● What this task involves:
Reproduce the entries that follow precisely, setting aside any images.

● Recorded information:
########

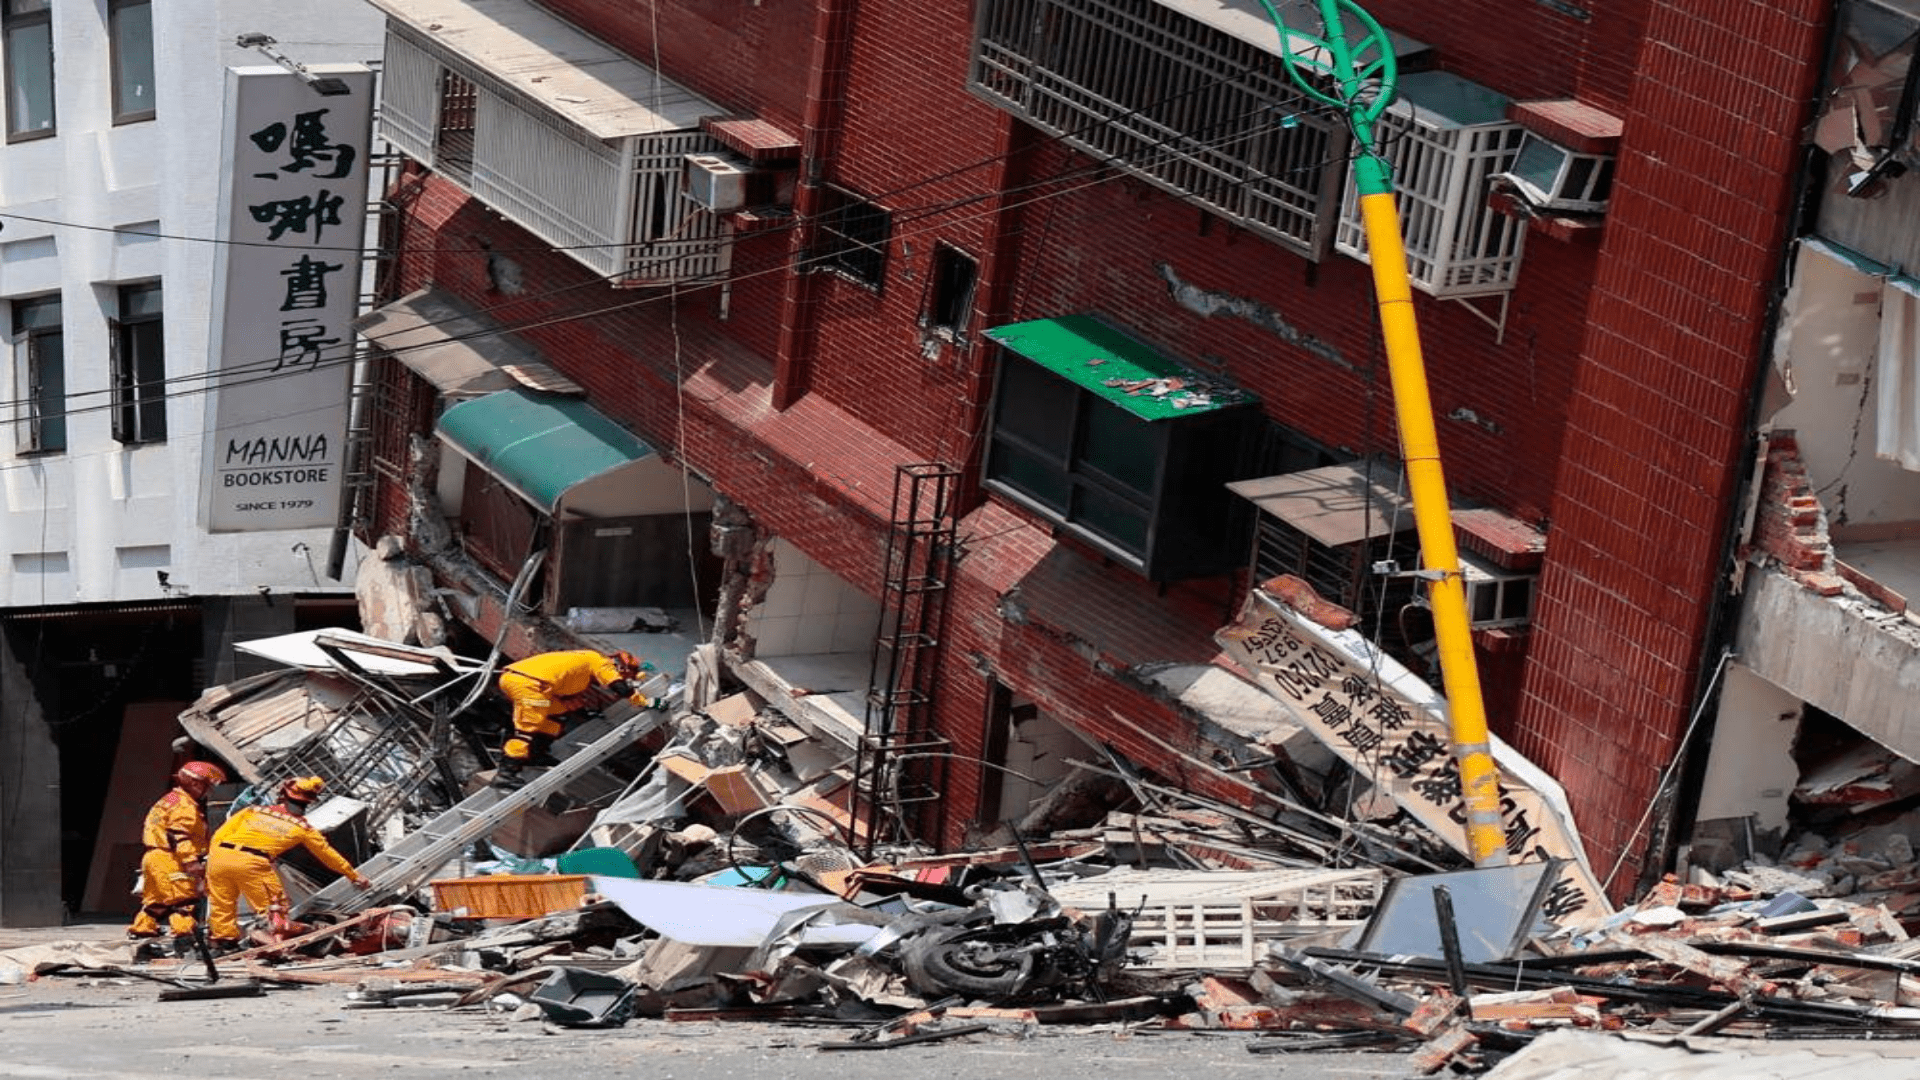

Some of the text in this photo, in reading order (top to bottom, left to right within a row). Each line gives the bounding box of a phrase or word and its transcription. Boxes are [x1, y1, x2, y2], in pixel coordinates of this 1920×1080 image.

[248, 108, 356, 373] 嗎哪書房
[226, 433, 328, 465] MANNA
[223, 468, 329, 487] BOOKSTORE
[235, 499, 314, 511] SINCE 1979
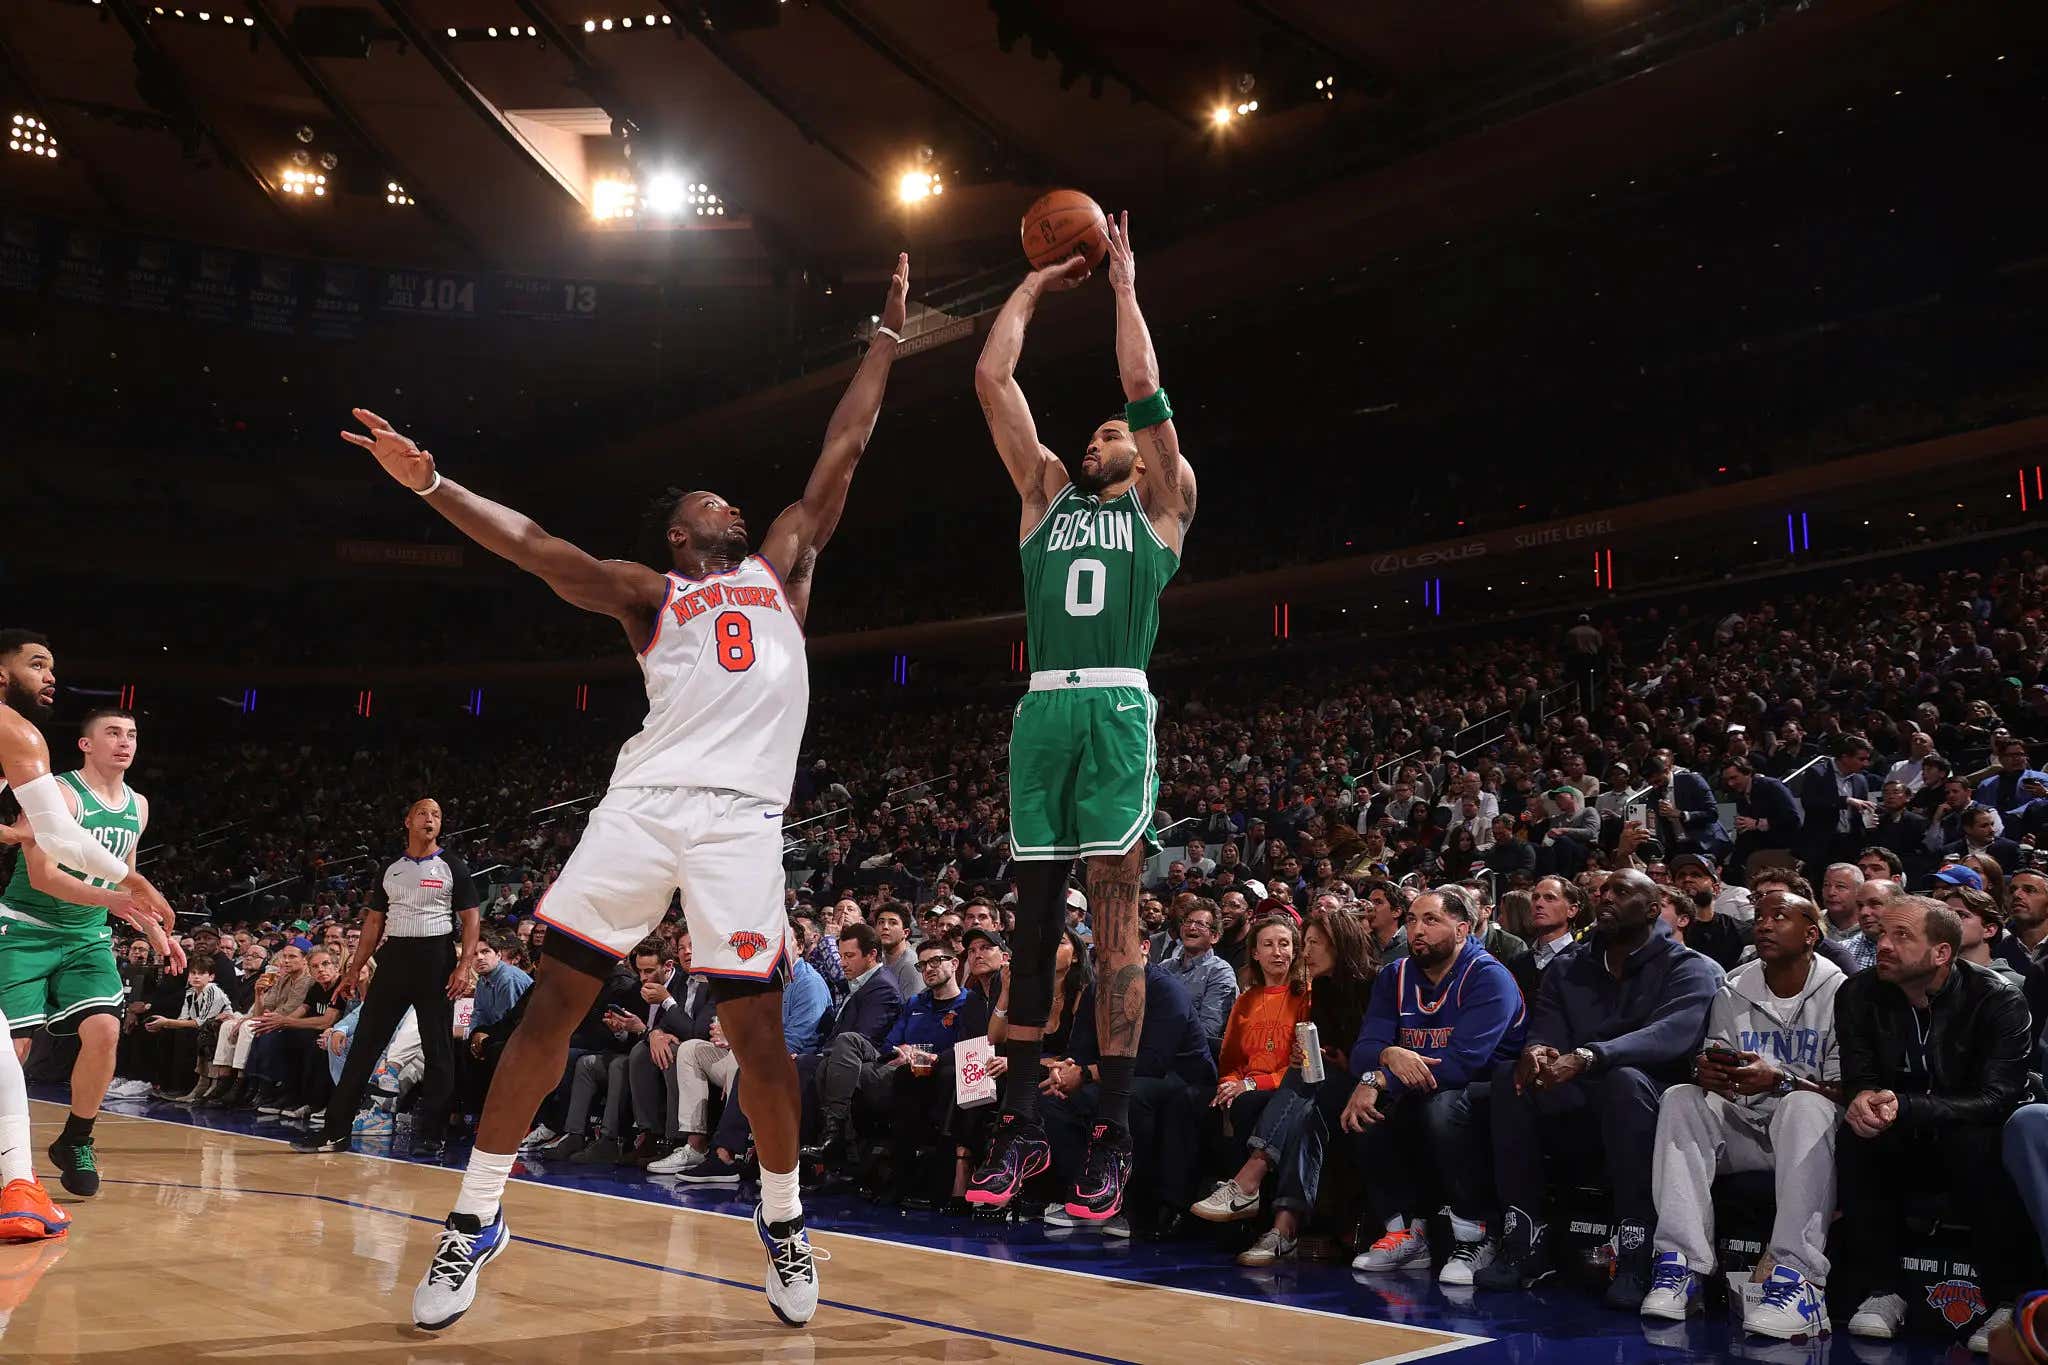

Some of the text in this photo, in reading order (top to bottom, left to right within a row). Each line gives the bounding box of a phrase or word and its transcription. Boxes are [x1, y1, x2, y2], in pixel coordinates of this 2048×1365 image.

[420, 279, 475, 312] 104
[562, 284, 597, 312] 13
[1047, 509, 1134, 553] BOSTON
[1513, 518, 1617, 551] SUITE LEVEL
[1401, 542, 1489, 570] LEXUS
[1064, 558, 1107, 617] 0
[670, 582, 783, 627] NEW YORK
[715, 611, 756, 672] 8
[728, 931, 767, 950] KNICKS
[961, 1063, 978, 1076] POP
[964, 1067, 985, 1084] CORN
[1569, 1220, 1592, 1234] SECTION
[1953, 1262, 1970, 1277] ROW

########

● Exercise output:
Some of the text in this photo, in reading order (top to bottom, left to right within a row). Each line gives the bounding box of a phrase or word and its transcription. Boxes are [x1, y1, x2, y2], in pixel coordinates of this 1920×1080 image.

[248, 108, 356, 373] 嗎哪書房
[226, 433, 328, 465] MANNA
[223, 468, 329, 487] BOOKSTORE
[235, 499, 314, 511] SINCE 1979

Some of the text in this photo, in reading order (top to bottom, left to right within a row). Each line gives the bounding box of a phrase or word and its transcription. Boxes are [x1, y1, x2, y2], in pixel coordinates of this 2048×1365 image.

[420, 279, 475, 312] 104
[562, 284, 597, 312] 13
[1047, 509, 1134, 553] BOSTON
[1513, 518, 1617, 551] SUITE LEVEL
[1401, 542, 1489, 570] LEXUS
[1064, 558, 1107, 617] 0
[670, 582, 783, 627] NEW YORK
[715, 611, 756, 672] 8
[728, 931, 767, 950] KNICKS
[961, 1063, 978, 1076] POP
[964, 1067, 985, 1084] CORN
[1569, 1220, 1592, 1234] SECTION
[1953, 1262, 1970, 1277] ROW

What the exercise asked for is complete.